Skip to content

feat: public Kaggle/HuggingFace dataset release infrastructure#51

Merged
shaypal5 merged 6 commits into
mainfrom
public-release-dataset-card
May 3, 2026
Merged

feat: public Kaggle/HuggingFace dataset release infrastructure#51
shaypal5 merged 6 commits into
mainfrom
public-release-dataset-card

Conversation

@shaypal5

@shaypal5 shaypal5 commented May 3, 2026

Copy link
Copy Markdown
Contributor

Summary

  • Dataset card improvement: render_dataset_card() now renders actual table inventory (row counts) and feature categories (from LEAD_SNAPSHOT_FEATURES) instead of placeholder stubs. write_bundle() passes table counts to the renderer.
  • Build script: scripts/build_public_release.py generates four bundles (3 difficulty tiers × student_public + 1 intermediate × research_instructor), validates each, and creates flat CSV convenience exports with a split column.
  • Platform documentation: release/README.md (landing page with quick-start snippets, directory structure, dataset summary) and release/HF_DATASET_CARD.md (YAML frontmatter with HuggingFace dataset configs for each difficulty tier).
  • Baseline notebook: release/notebooks/01_baseline_lead_scoring.ipynb — LR + GBM baselines with AUC, PR-AUC, Precision@K, value-aware ranking, and feature importance. Works from pre-generated Parquet files without requiring leadforge.
  • Leakage fix: current_stage at the 90-day horizon contains terminal stages (closed_won/closed_lost) that perfectly encode the label. Flat CSV exports drop it; notebook excludes it; README documents it.

Test plan

  • All 851 existing tests pass
  • 4 new dataset card tests (table inventory with/without counts, feature categories, leakage flags)
  • Build script generates all 4 bundles and all pass leadforge validate
  • Notebook modeling logic verified against generated data (LR AUC=0.895, GBM AUC=0.877 on intermediate)
  • Flat CSV confirmed to exclude current_stage
  • Run build script on clean checkout to verify determinism

🤖 Generated with Claude Code

shaypal5 and others added 5 commits May 3, 2026 23:39
Replace stub sections in render_dataset_card() with actual content:
- Table inventory renders row counts when table_counts dict is passed
- Feature categories always rendered from LEAD_SNAPSHOT_FEATURES with
  category counts, example columns, and leakage-flagged column callout
- write_bundle() now passes table_row_counts to the card renderer

Prepares dataset cards for public Kaggle/HuggingFace release.

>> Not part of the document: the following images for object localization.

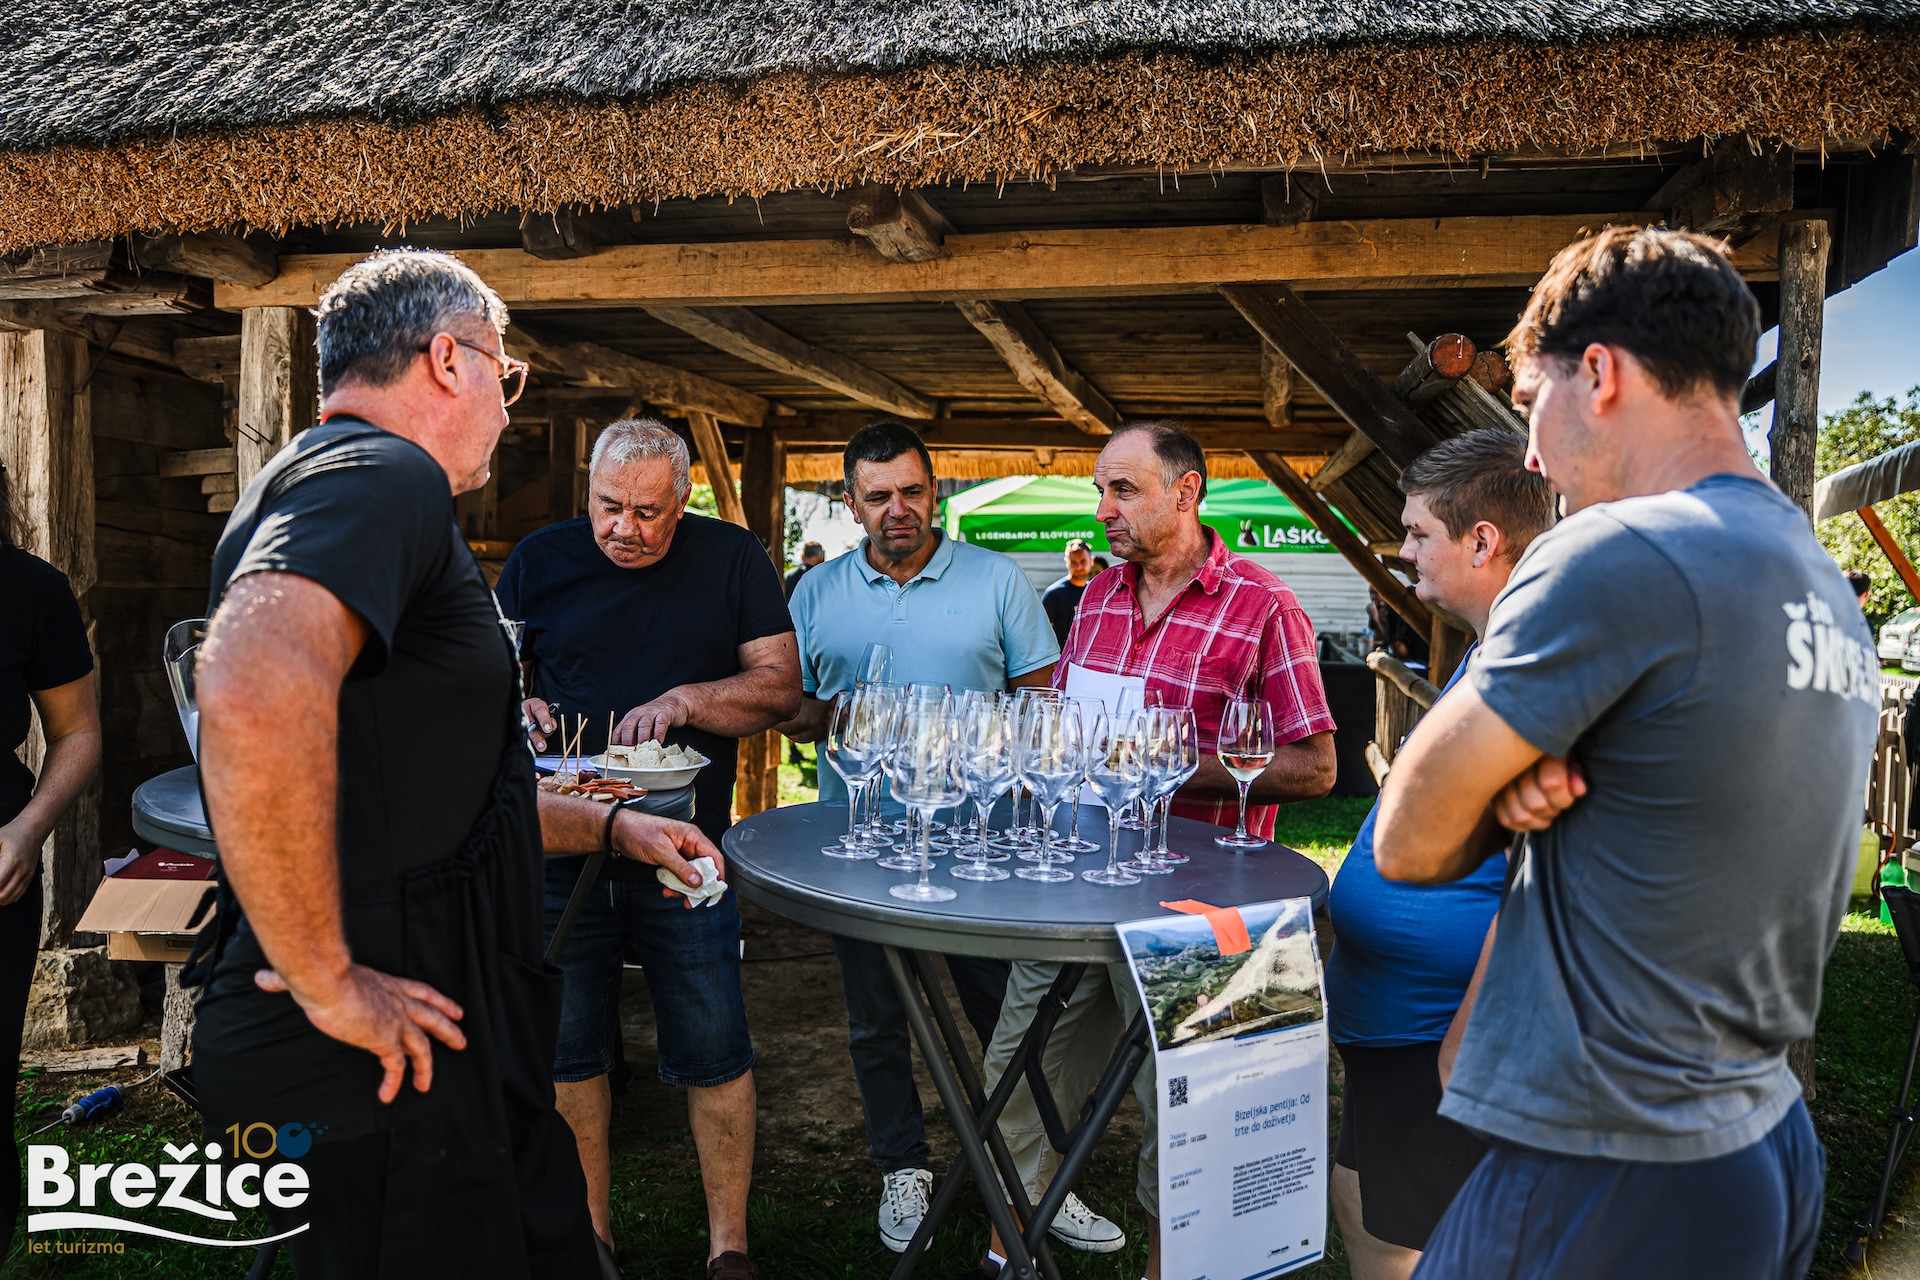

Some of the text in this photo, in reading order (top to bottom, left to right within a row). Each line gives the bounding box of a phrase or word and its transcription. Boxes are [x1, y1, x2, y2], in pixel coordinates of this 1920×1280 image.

[975, 530, 1095, 540] LEGENDARNO SLOVENSKO
[1234, 1104, 1268, 1122] Bizeljska
[1299, 1093, 1311, 1105] Od
[1234, 1112, 1296, 1137] trte do doživetja
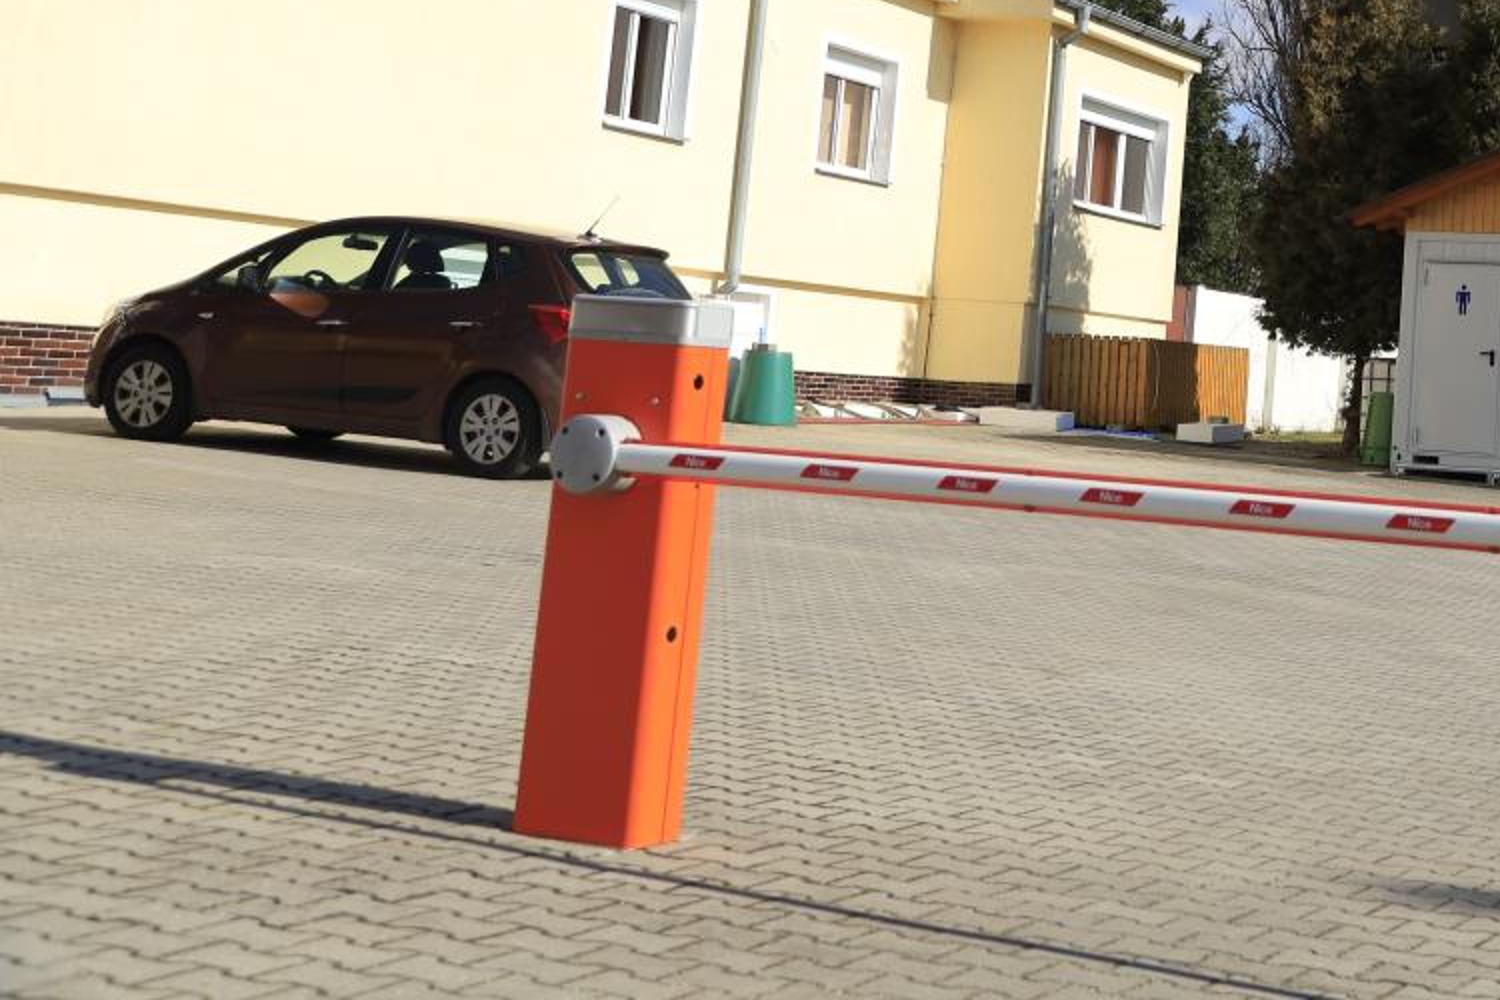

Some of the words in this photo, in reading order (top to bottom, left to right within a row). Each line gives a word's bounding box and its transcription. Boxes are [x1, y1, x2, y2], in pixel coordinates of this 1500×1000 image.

[955, 478, 977, 490] Nice
[1099, 490, 1122, 502] Nice
[1249, 503, 1273, 514] Nice
[1407, 516, 1432, 529] Nice

Co-Authored-By: Claude Opus 4.6 <noreply@anthropic.com>
scripts/build_public_release.py generates four bundles:
- intro, intermediate, advanced (student_public)
- intermediate_instructor (research_instructor)

Each student_public bundle gets a flat CSV convenience export
(lead_scoring.csv) merging train/valid/test with a split column.
All bundles are validated after generation. Prints a summary table
with row counts and conversion rates.

Co-Authored-By: Claude Opus 4.6 <noreply@anthropic.com>
…ease

- release/README.md: landing page with directory structure, quick-start
  snippets (flat CSV, Parquet, relational, reproduce from source),
  dataset summary, feature dictionary overview, and provenance info
- release/HF_DATASET_CARD.md: HuggingFace-format card with YAML
  frontmatter defining three dataset configs (intro/intermediate/advanced)
  mapped to their respective Parquet task splits

Co-Authored-By: Claude Opus 4.6 <noreply@anthropic.com>
current_stage at the 90-day horizon contains terminal stages
(closed_won/closed_lost) that perfectly encode the label. The build
script now drops it from the flat CSV convenience export, the baseline
notebook excludes it from modeling features, and the README documents
the issue.

Co-Authored-By: Claude Opus 4.6 <noreply@anthropic.com>
Add public Kaggle/HuggingFace release section covering phases 1-5.
Document the current_stage leakage issue at 90-day horizon.
Restructure to show teaching datasets as previous focus.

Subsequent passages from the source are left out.